*Problem to work on*:
Write out the entries exactly. None of the pictures should appear in the copy.

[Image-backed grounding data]
---------------
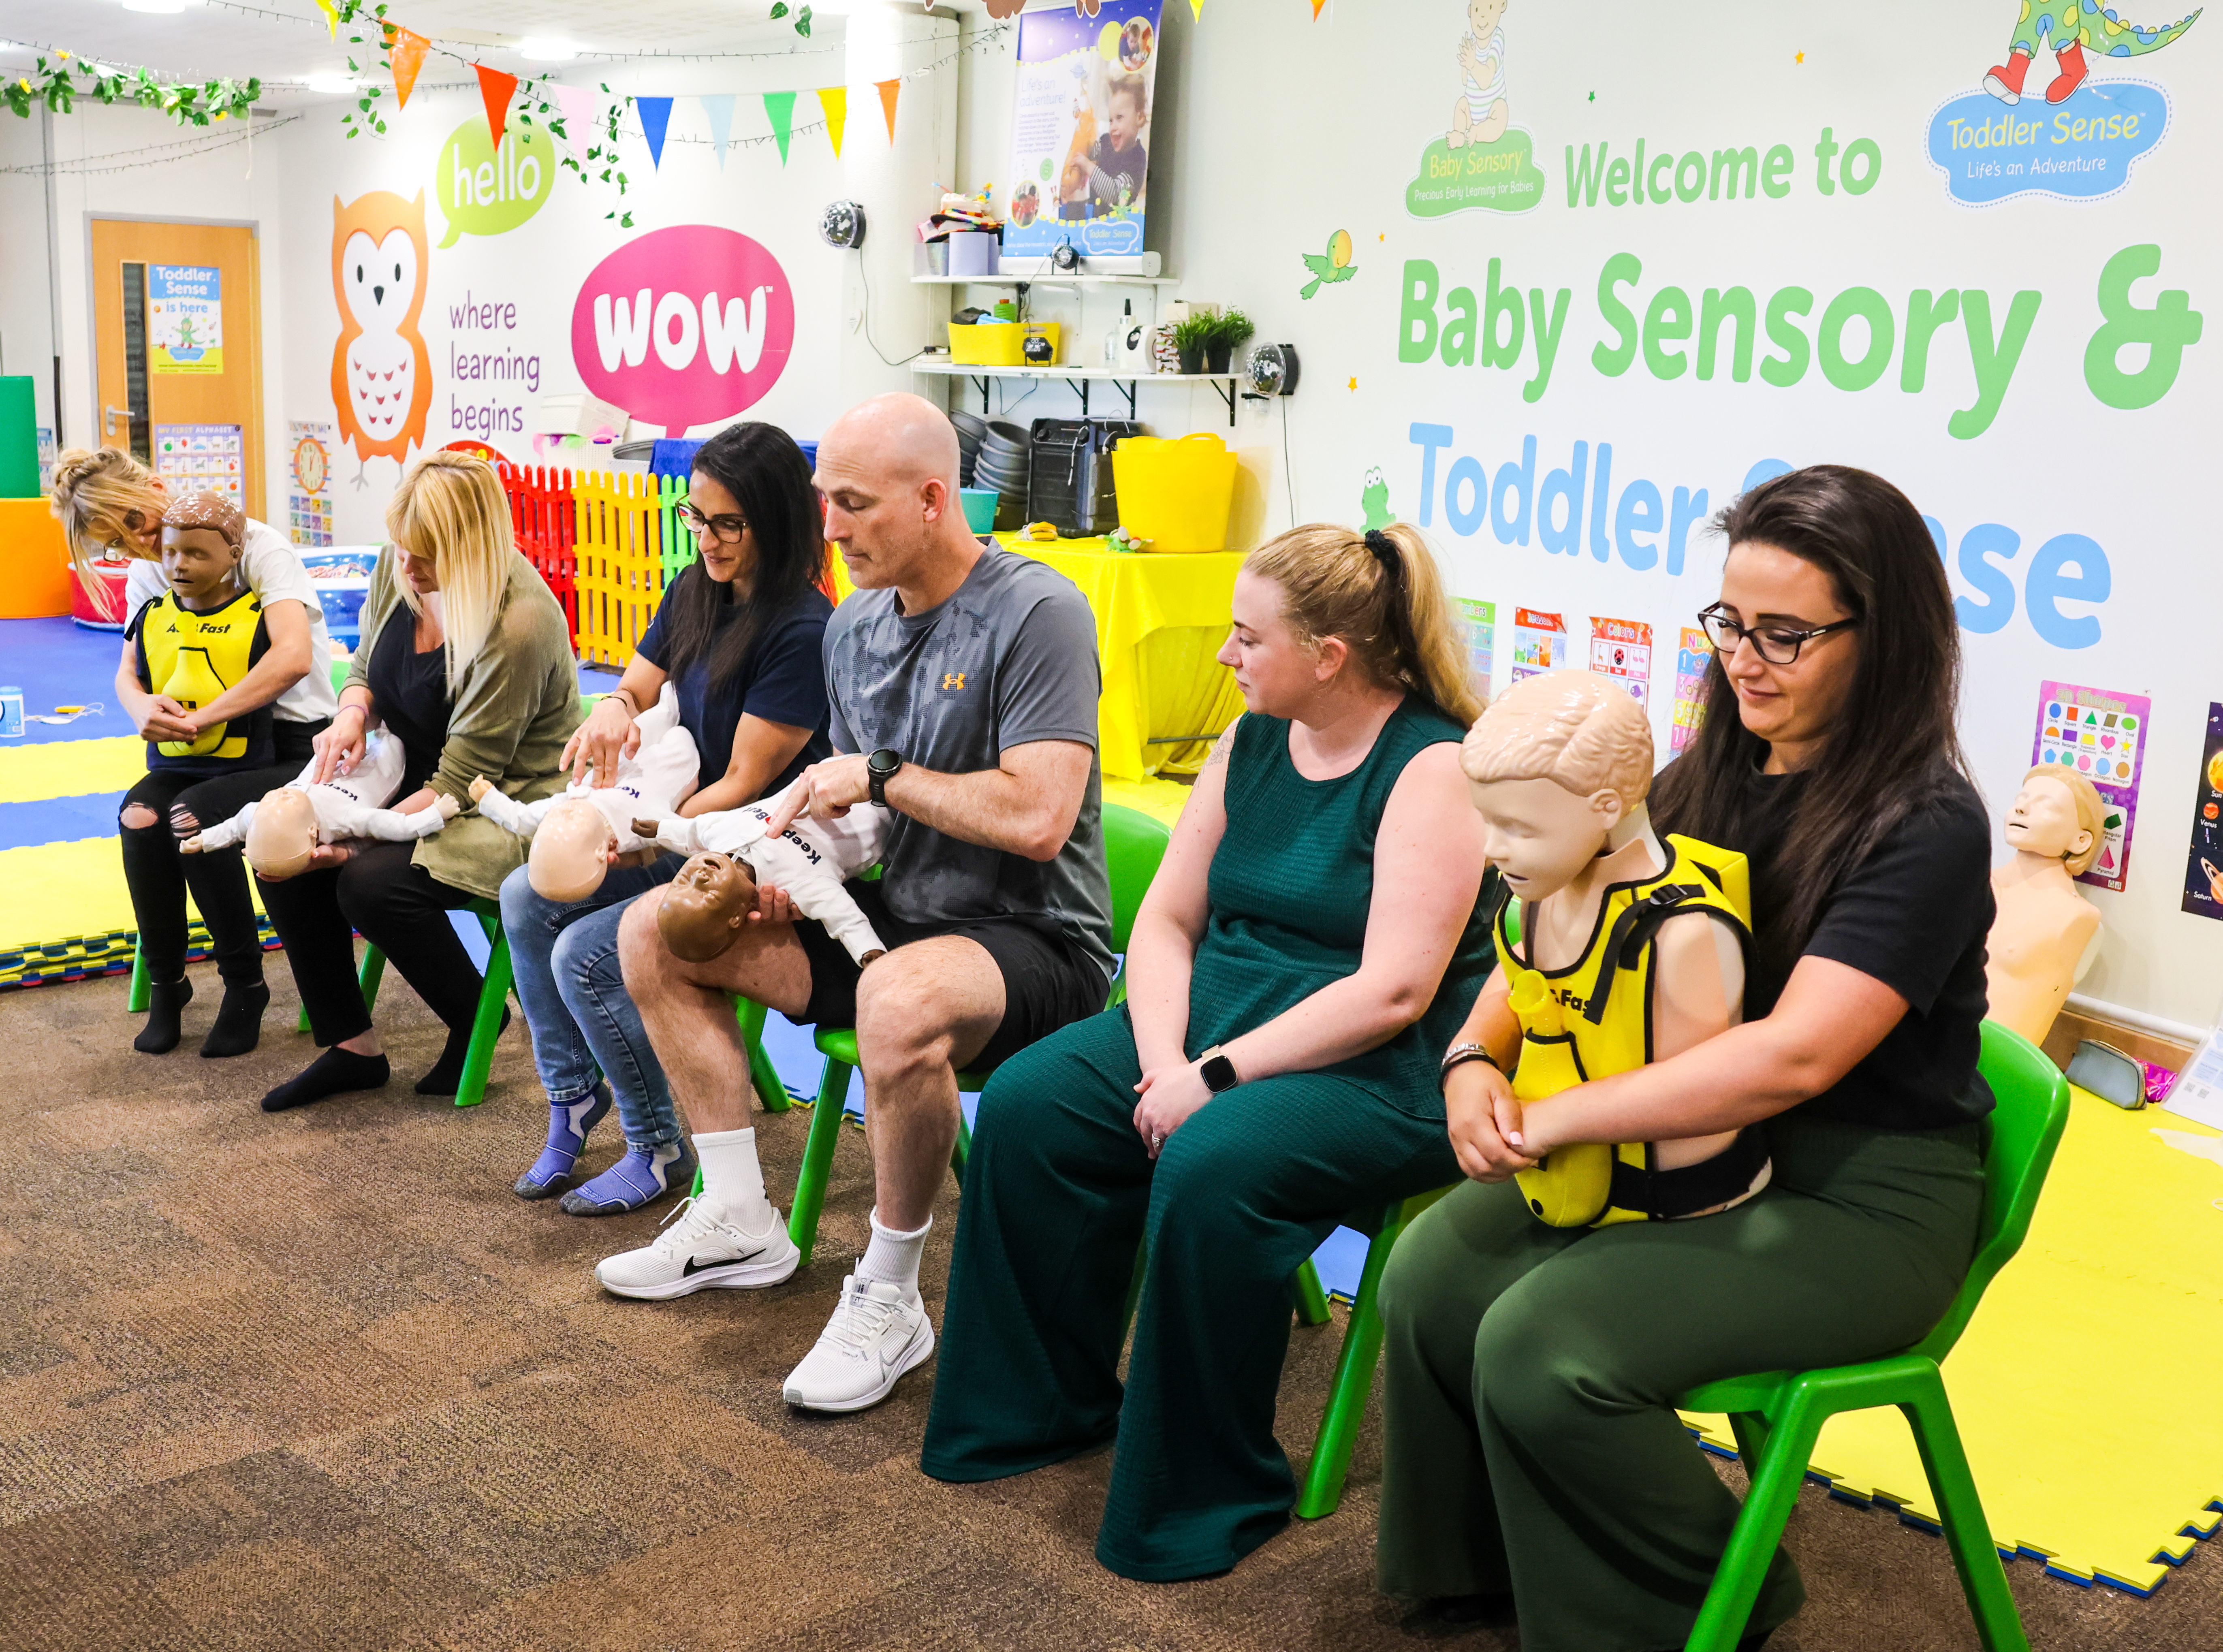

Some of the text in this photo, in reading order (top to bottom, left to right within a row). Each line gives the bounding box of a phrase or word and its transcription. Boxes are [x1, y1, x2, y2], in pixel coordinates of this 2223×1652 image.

[1947, 114, 2043, 150] Toddler
[2050, 111, 2140, 144] Sense
[453, 134, 540, 207] hello
[1430, 151, 1523, 181] Baby Sensory
[1565, 127, 1881, 208] Welcome to
[1967, 156, 2106, 179] Life's an Adventure
[1414, 180, 1534, 201] Precious Early Learning for Babies
[156, 266, 212, 282] Toddler
[166, 280, 208, 295] Sense
[166, 301, 208, 313] is here
[449, 290, 517, 329] where
[1399, 244, 2203, 440] Baby Sensory &
[451, 340, 540, 392] learning
[451, 393, 523, 442] begins
[1409, 422, 1709, 576] Toddler
[1461, 602, 1486, 617] umbers
[199, 623, 231, 634] Fast
[1608, 621, 1635, 639] Colors
[2056, 689, 2127, 713] 2D Shapes
[2211, 790, 2222, 798] Sun
[2200, 818, 2218, 828] Venus
[781, 830, 822, 865] Keep
[2194, 890, 2212, 902] Saturn
---------------
*Completed exercise*:
Some of the text in this photo, in reading order (top to bottom, left to right within a row). Each line gives the bounding box of a phrase or word and its transcription. Boxes are [x1, y1, x2, y2], in pixel coordinates of this 2223×1652 image.

[1947, 114, 2043, 150] Toddler
[2050, 111, 2140, 144] Sense
[453, 134, 540, 207] hello
[1430, 151, 1523, 181] Baby Sensory
[1565, 127, 1881, 208] Welcome to
[1967, 156, 2106, 179] Life's an Adventure
[1414, 180, 1534, 201] Precious Early Learning for Babies
[156, 266, 212, 282] Toddler
[166, 280, 208, 295] Sense
[166, 301, 208, 313] is here
[449, 290, 517, 329] where
[1399, 244, 2203, 440] Baby Sensory &
[451, 340, 540, 392] learning
[451, 393, 523, 442] begins
[1409, 422, 1709, 576] Toddler
[1461, 602, 1486, 617] umbers
[199, 623, 231, 634] Fast
[1608, 621, 1635, 639] Colors
[2056, 689, 2127, 713] 2D Shapes
[2211, 790, 2222, 798] Sun
[2200, 818, 2218, 828] Venus
[781, 830, 822, 865] Keep
[2194, 890, 2212, 902] Saturn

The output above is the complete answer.